======== Stored data

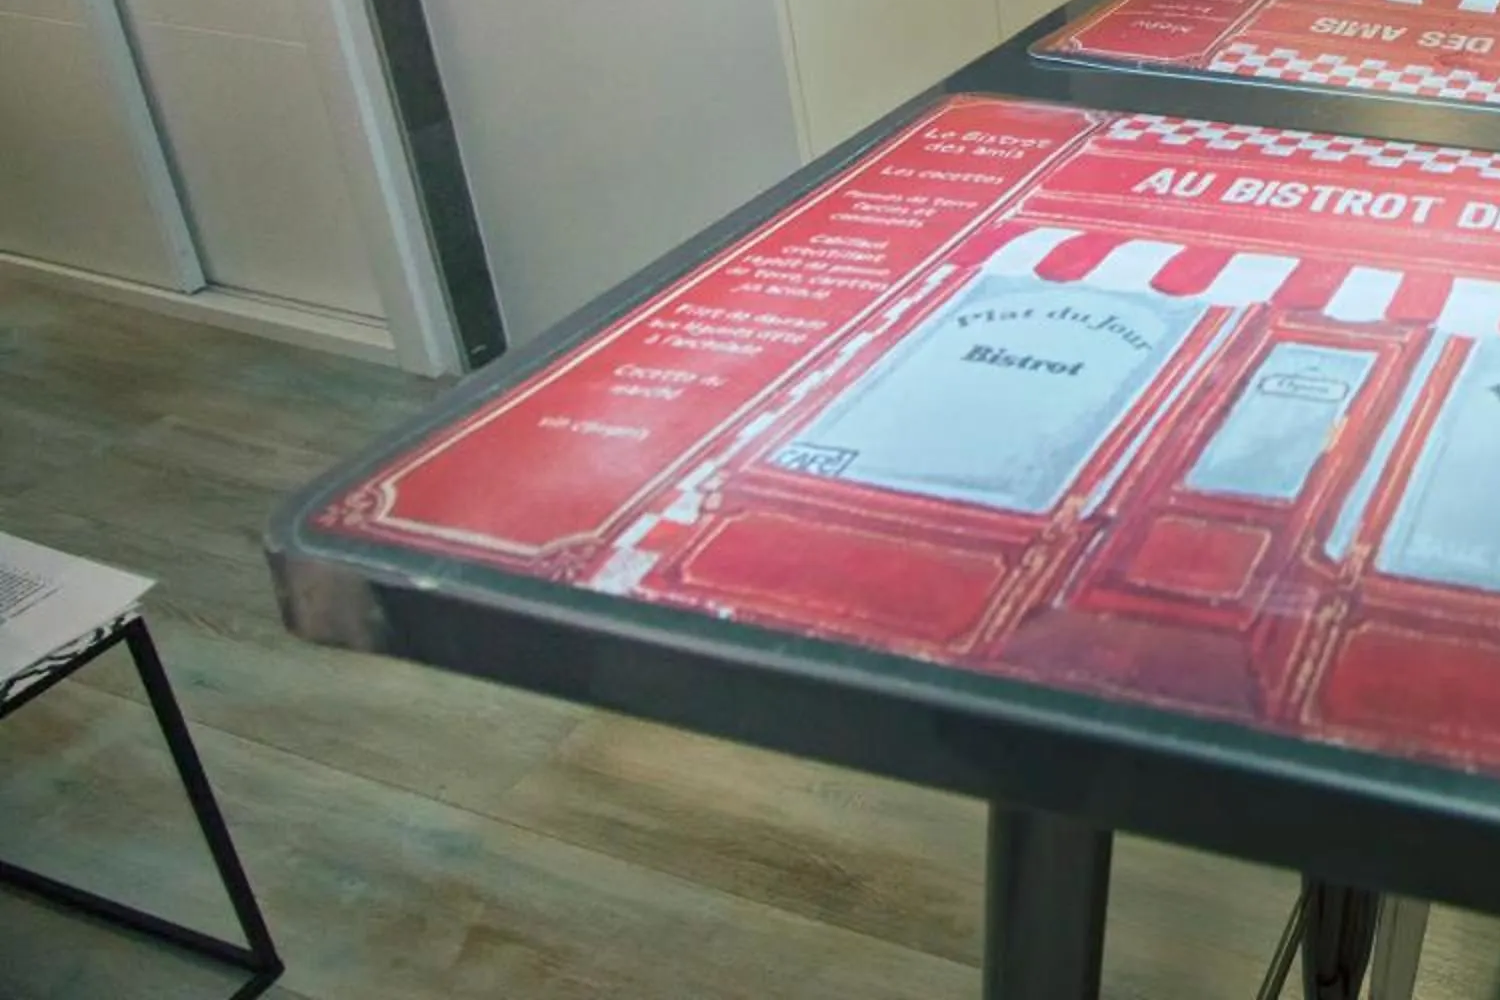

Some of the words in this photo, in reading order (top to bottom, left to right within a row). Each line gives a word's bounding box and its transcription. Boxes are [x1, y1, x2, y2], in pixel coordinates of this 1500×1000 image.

[1309, 16, 1409, 42] AMIS
[1417, 30, 1495, 53] DES
[1131, 166, 1217, 199] AU
[1220, 178, 1444, 226] BISTROT
[960, 343, 1086, 377] Bistrot
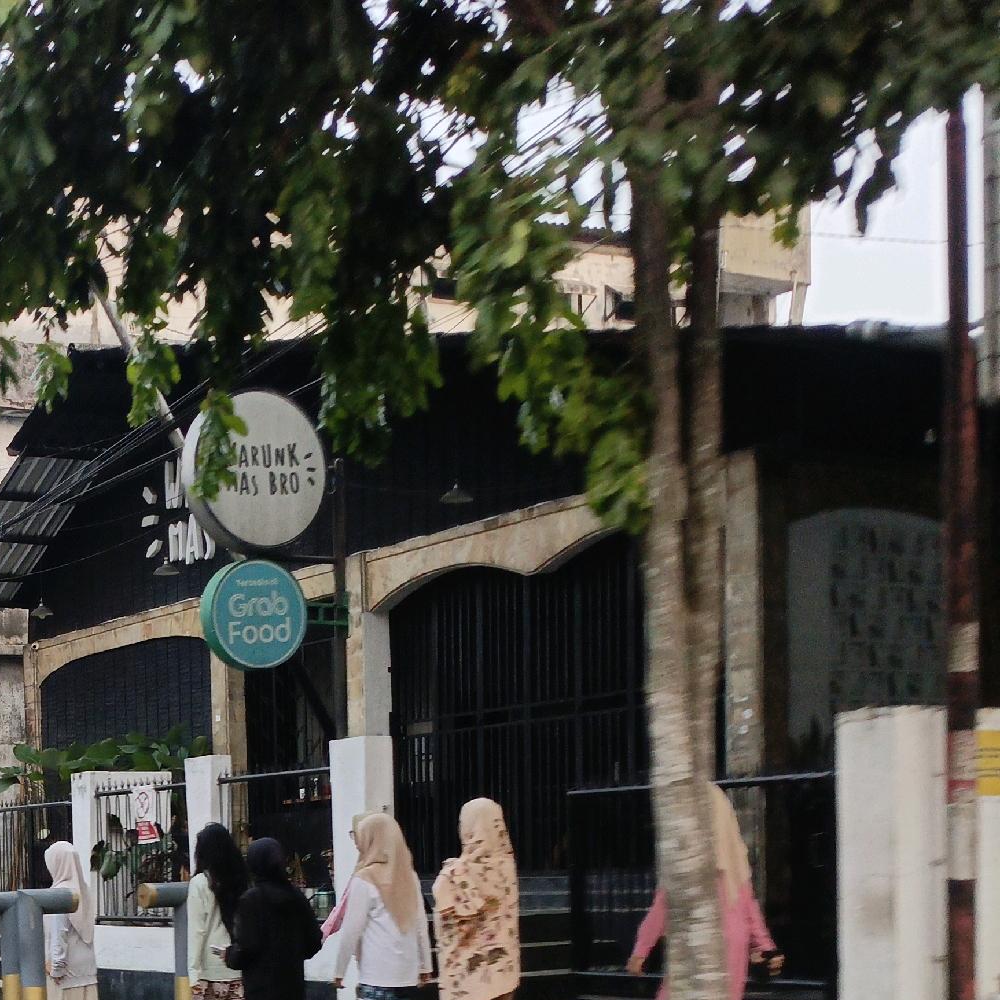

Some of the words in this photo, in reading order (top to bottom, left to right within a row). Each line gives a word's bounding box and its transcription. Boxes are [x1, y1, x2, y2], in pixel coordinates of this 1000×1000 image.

[232, 442, 300, 468] ARUNK
[269, 471, 300, 495] BRO
[228, 590, 289, 617] Grab
[228, 617, 292, 645] Food

================

Your objective
Exactness is what counts here: copy each entry as given and omit its pictures.

Written reply
Some of the words in this photo, in reading order (top to bottom, left to right within a row). Each line gives a word's bounding box and its transcription. Boxes are [x1, y1, x2, y2], in pixel coordinates of this 1500×1000 image.

[1309, 16, 1409, 42] AMIS
[1417, 30, 1495, 53] DES
[1131, 166, 1217, 199] AU
[1220, 178, 1444, 226] BISTROT
[960, 343, 1086, 377] Bistrot

Some of the words in this photo, in reading order (top to bottom, left to right within a row). Each line gives a word's bounding box and its transcription. Boxes are [x1, y1, x2, y2], in pixel coordinates of this 1000×1000 image.

[232, 442, 300, 468] ARUNK
[269, 471, 300, 495] BRO
[228, 590, 289, 617] Grab
[228, 617, 292, 645] Food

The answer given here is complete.